Ce mot, à ce que dit Henri Etienne, vient d’un vieux mot gaulois, benna, qui étoit une espèce de charriot dont parle Festus. Ceux qui étoient ensemble dans ce même charriot, s’appeloient, combennons, quasi in eâdem bennâ sedentes, & depuis, par le changement assez ordinaire du b en p, on a dit compennon ; ensuite on a dit compaignons, & à la fin compagnons. Nicod & Ménage, après Pasquier, le dérivent de compain ; comme qui diroit, qui mange de même pain, qui se dit encore en langage Picard. Quelques-uns l’ont dérivé de compagnus. Il y a plus d’apparence qu’il vient de compagnun, vieux mot celtique ou bas-breton, qui signifie la même chose.

Compagnons.
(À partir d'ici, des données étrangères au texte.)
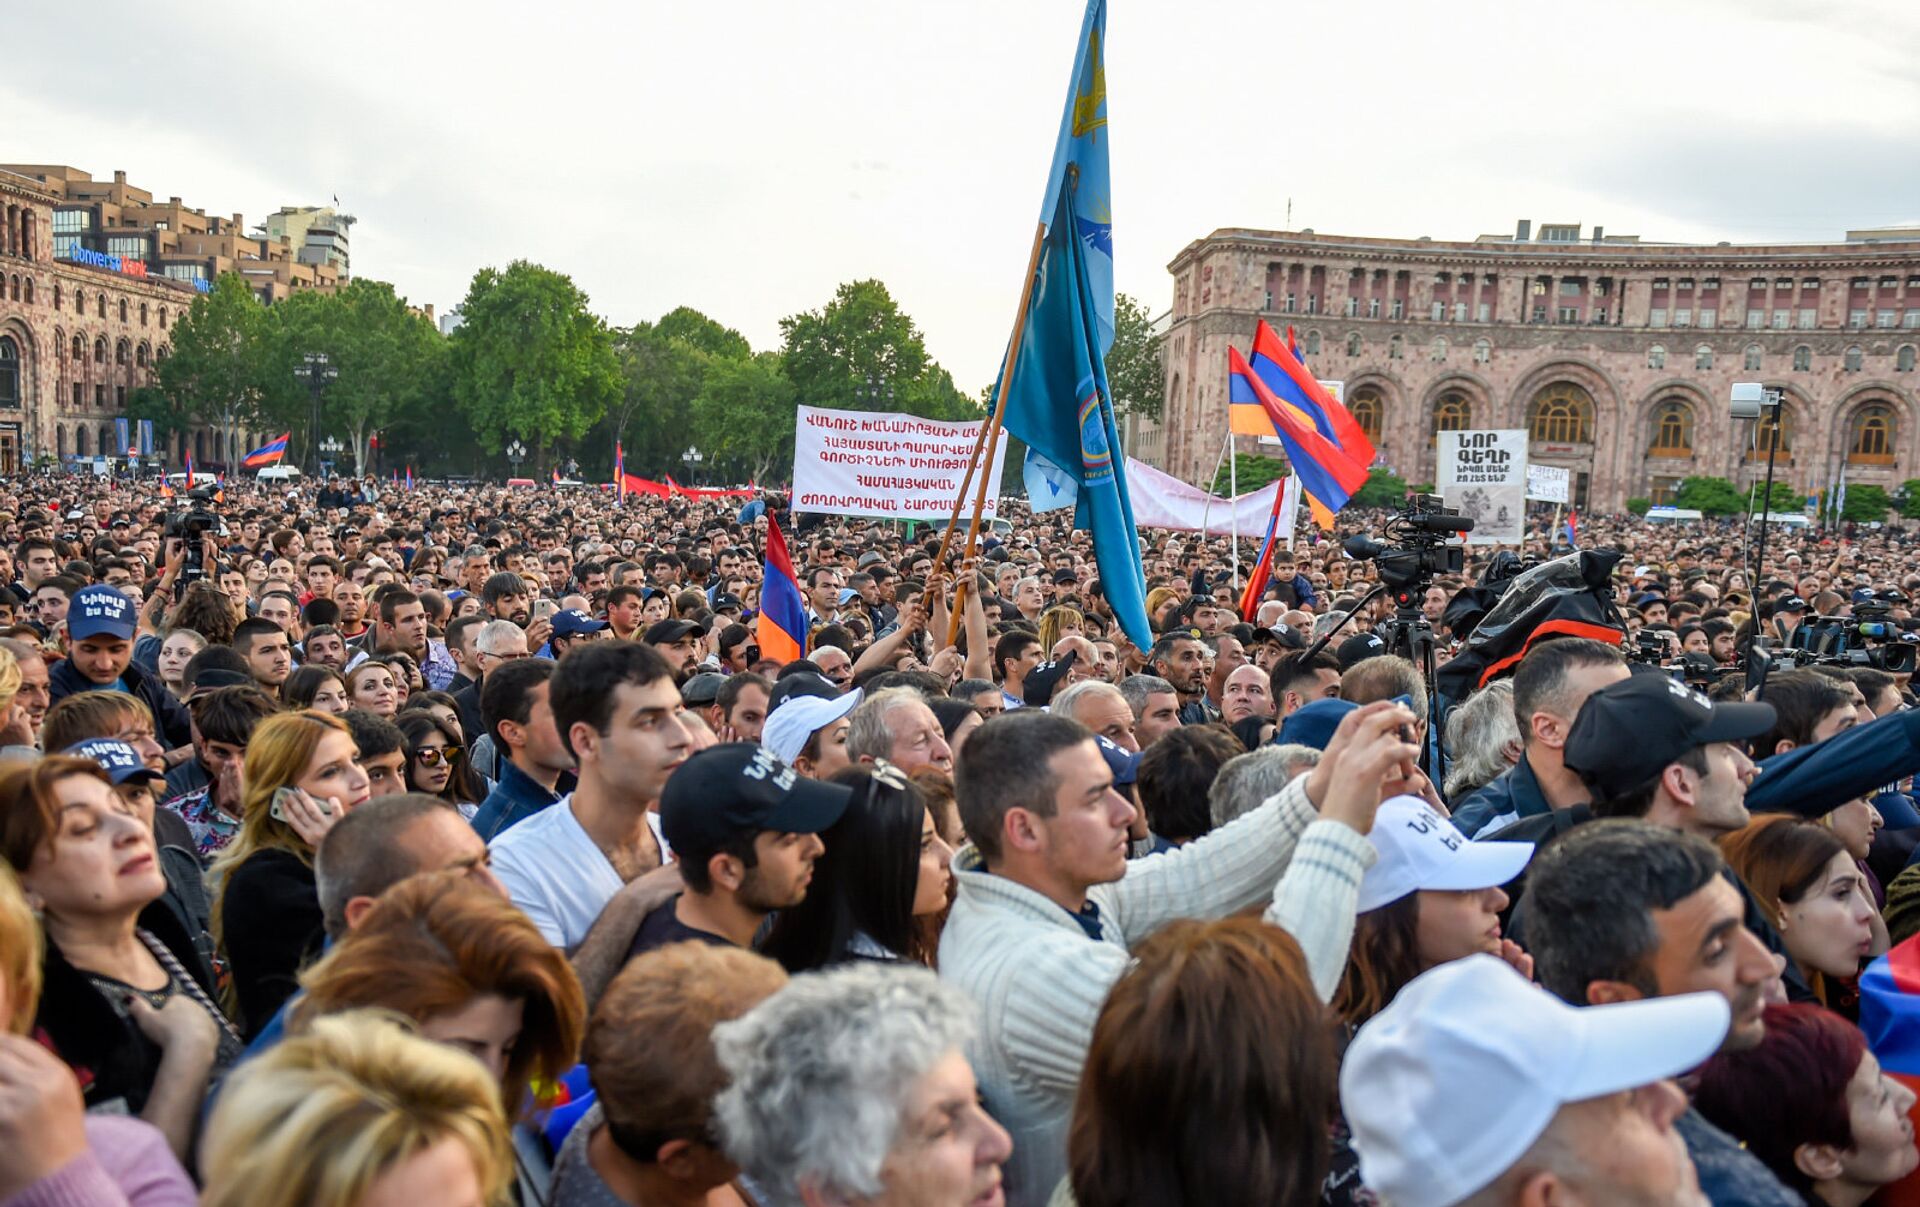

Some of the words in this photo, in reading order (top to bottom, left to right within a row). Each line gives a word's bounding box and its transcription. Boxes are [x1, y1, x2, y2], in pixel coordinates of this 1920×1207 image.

Ce mot au pluriel signifie une sorte de fleur qui ressemble à l’œillet, si ce n’est qu’elle est beaucoup plus petite, & que sa tige est beaucoup plus basse. On les appelle compagnons, parce qu’ils viennent par touffe, en sorte que plusieurs ne semblent composer qu’un seul bouquet.

COMPAGNONAGE. s. m. Ce terme est en usage dans quelques Communautés des arts & métiers, pour signifier le temps que les Apprentis sont obligés de servir les Maîtres en qualité de compagnons, avant que de pouvoir aspirer à la maîtrise.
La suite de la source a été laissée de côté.